ECE2018 Poster Presentations: Adrenal and Neuroendocrine Tumours Adrenal cortex (to include Cushing's) (70 abstracts)
1Servicio de Endocrinología y Nutrición. Hospital Universitario de la Princesa., Madrid, Spain; 2Servicio de Endocrinología y Nutrición. Hospital Rey Juan Carlos, Madr, Spain.
Purpose: A combined model of clinical, biochemical and radiological variables could help to predict autonomous cortisol secretion (ACS) in adrenal incidentalomas (AI).
Methods: We analyzed retrospectively 100 patients diagnosed of AI between 2011 and 2015. AI was defined as an adrenal mass>1 cm, accidentally discovered by radiologic examination. ACS was ruled out (ACS-) by serum cortisol post-dexamethasone suppression test (Nugent) <3 μg/dl, and was confirmed by levels ≥3 μg/dl, normal cortisoluria and no typical data of Cushings syndrome. The statistical analysis was performed with STATA 13.0. For multivariate analysis variables were selected by a pvalue <0.1 on univariate analysis and previous literature findings.
Results: Ninety-three patients were included in the statistical analysis. Mean age was 62.9 years and 54% were women. Fourteen patients (15%) had ACS. In the univariate analysis, the variables associated with higher risk of ACS (expressed in odds ratio (OR) and/or the proportion/mean of the variable in ACS and ACS-) were: Nugent test (3.6 vs 1.5 μg/dl, P<0.00) and maximum adenoma diameter (MAD) (26.8 vs 17.2 mm, P=0.02). Higher risk of ACS was not related with age (64 vs 63 years, P=0.57), sex (ratio of masculinity 1.4 vs 0.8, P=0.4), HTA (OR 1.7, 71.4 vs 44.9%, P=0.08), diabetes (OR=1.4, 36 vs 25.6%, P=0.4), obesity (OR=0.6, 25 vs 37.6%, P=0.4), osteoporosis (OR=1.3, 9.1 vs 7.2%, P=0.8), glucose (108.3 vs 105.5 mg/dl, P=0.7), cortisoluria (70 vs 59.7 μg/24 h, P=0.5), DHEAS (70.2 vs 46.2 μg/dl, P=0.1); ACTH (20.1 vs 18.2 pg/ml, P=0.7) or bilaterality (OR=1.4, 20 vs 15%, P=0.7). No differences were found between ACS and radiological characteristics in the CT scan (calcification, necrosis, lipid content). In the logistic regression analysis, the variables male sex, age, HTA, diabetes, Nugent, DHEAS, MAD and bilaterality were included to elaborate the ACS predictor score. It was found that the model with the best predictive power for the ACS diagnosis included age, Nugent test and DHEAS levels, with sensitivity of 89% and specificity of 100%.

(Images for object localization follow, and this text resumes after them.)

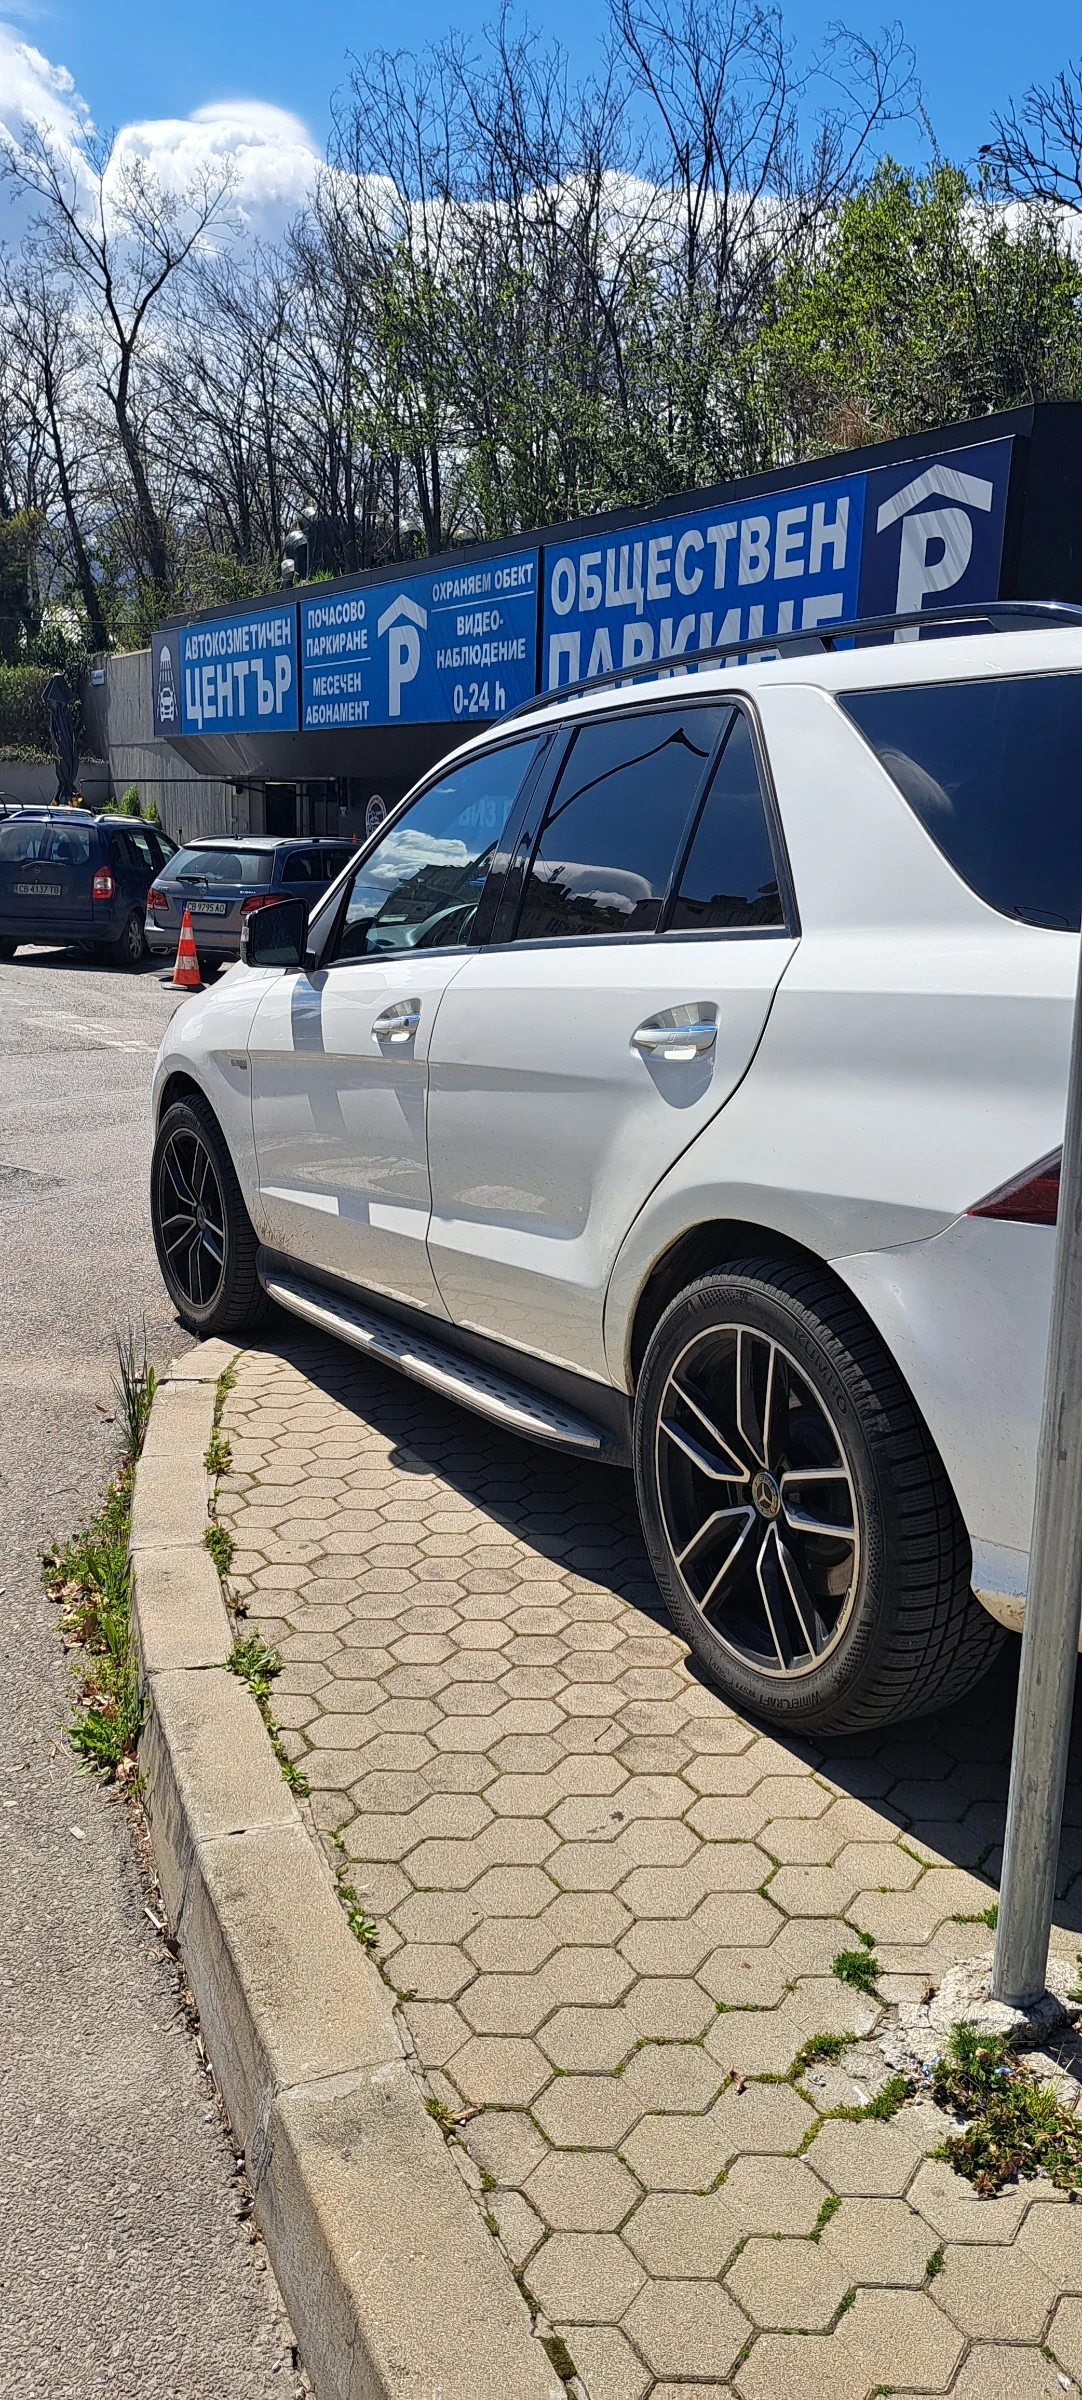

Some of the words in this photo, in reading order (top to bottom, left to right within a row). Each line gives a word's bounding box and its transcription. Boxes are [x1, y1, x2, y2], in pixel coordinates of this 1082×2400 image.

[550, 496, 849, 616] ОБЩЕСТВЕН
[432, 572, 491, 602] ОХРАНЯЕМ
[494, 562, 534, 590] ОБЕКТ
[307, 599, 366, 630] ПОЧАСОВО
[456, 609, 504, 637] ВИДЕО-
[184, 617, 292, 661] АВТОКОЗМЕТИЧЕН
[306, 628, 368, 658] ПАРКИРАНЕ
[436, 637, 526, 669] НАБЛЮДЕНИЕ
[185, 654, 292, 730] ЦЕНТЪР
[312, 672, 362, 697] МЕСЕЧЕН
[453, 681, 490, 715] 0-24
[494, 680, 506, 711] h
[305, 700, 370, 725] АБОНАМЕНТ
[187, 902, 197, 911] CB
[197, 903, 214, 912] 9795
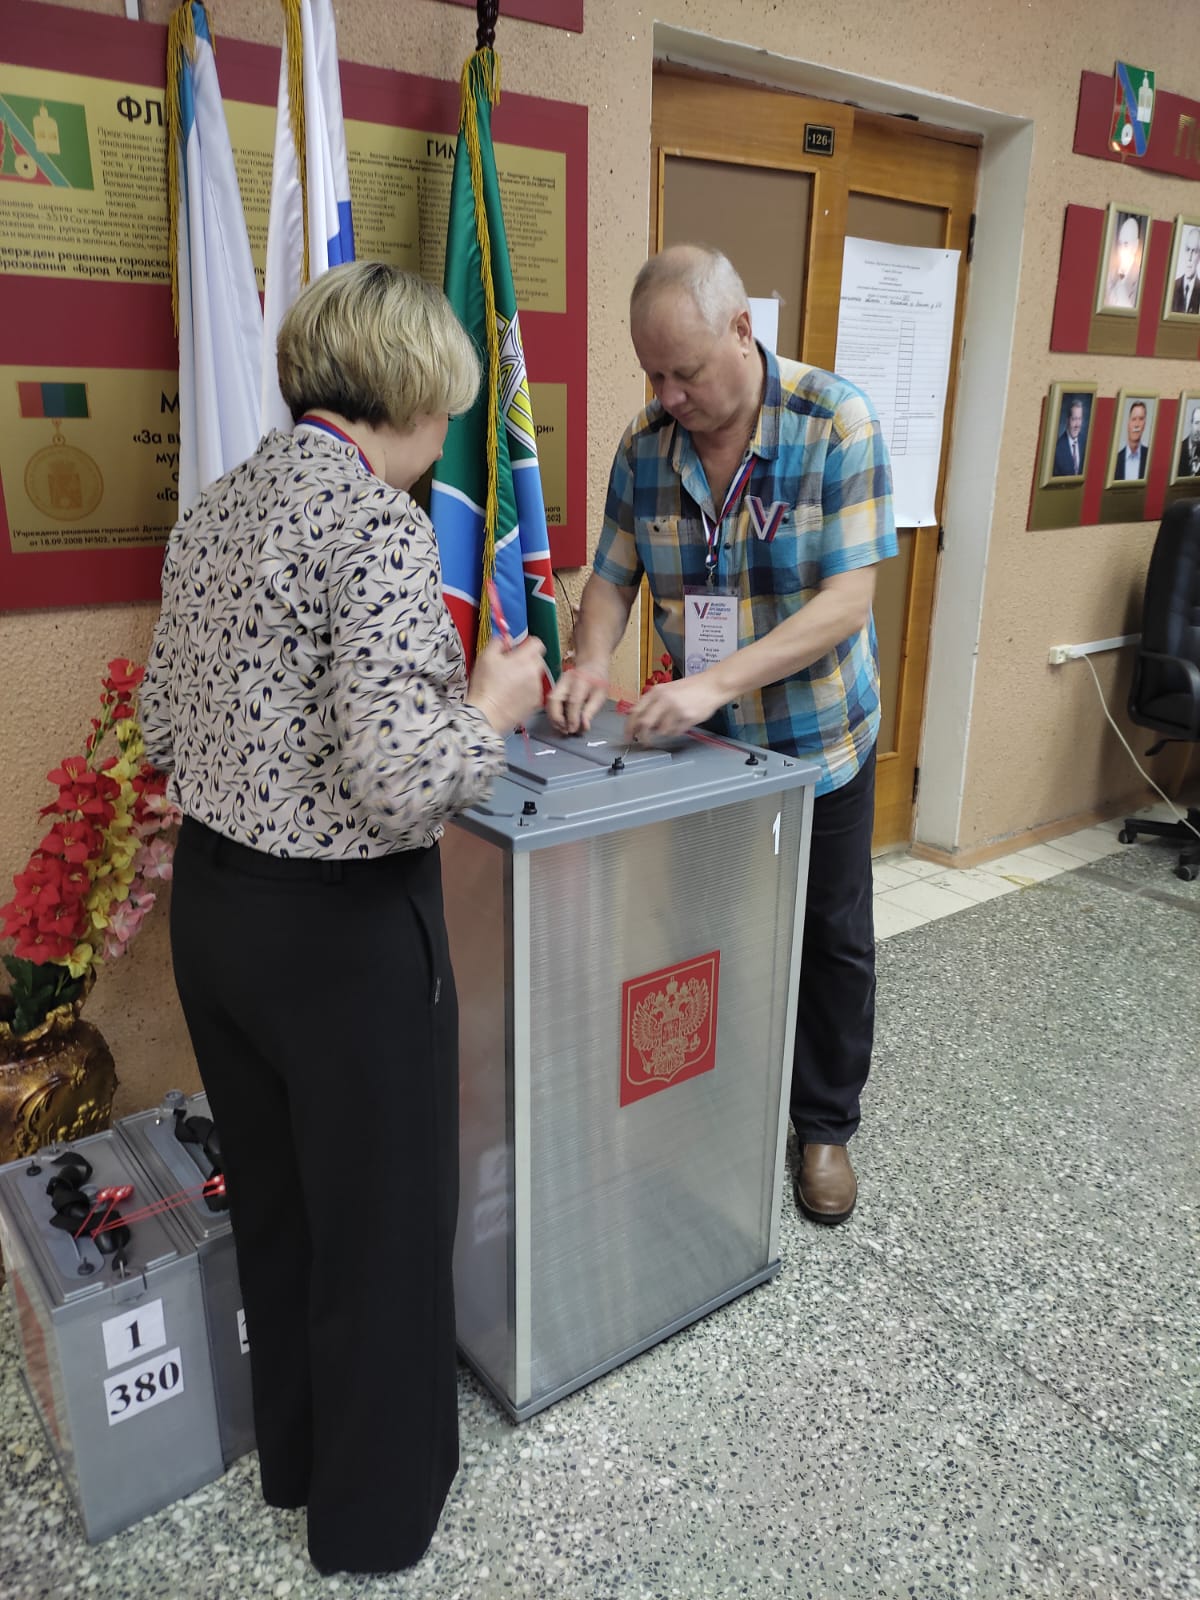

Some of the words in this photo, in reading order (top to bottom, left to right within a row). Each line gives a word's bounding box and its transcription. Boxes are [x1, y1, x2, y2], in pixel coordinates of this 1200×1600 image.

[116, 95, 164, 127] ФЛ
[812, 133, 828, 146] 126
[119, 256, 169, 269] городско
[132, 429, 162, 444] «За
[126, 1319, 144, 1352] 1
[110, 1361, 180, 1416] 380

Conclusions: 15% of AI in our series had ACS. We identified Nugent test and MAD as predictors of ACS. The combined model with the best ACS diagnostic accuracy combined age, Nugent test and DHEAS levels, with a specificity of 100%. This combined score could be a very useful tool to identify ACS with a higher diagnostic value than the Nugent test alone regardless of the cutoff point used. Its high specificity makes it especially indicated in the screening of AI.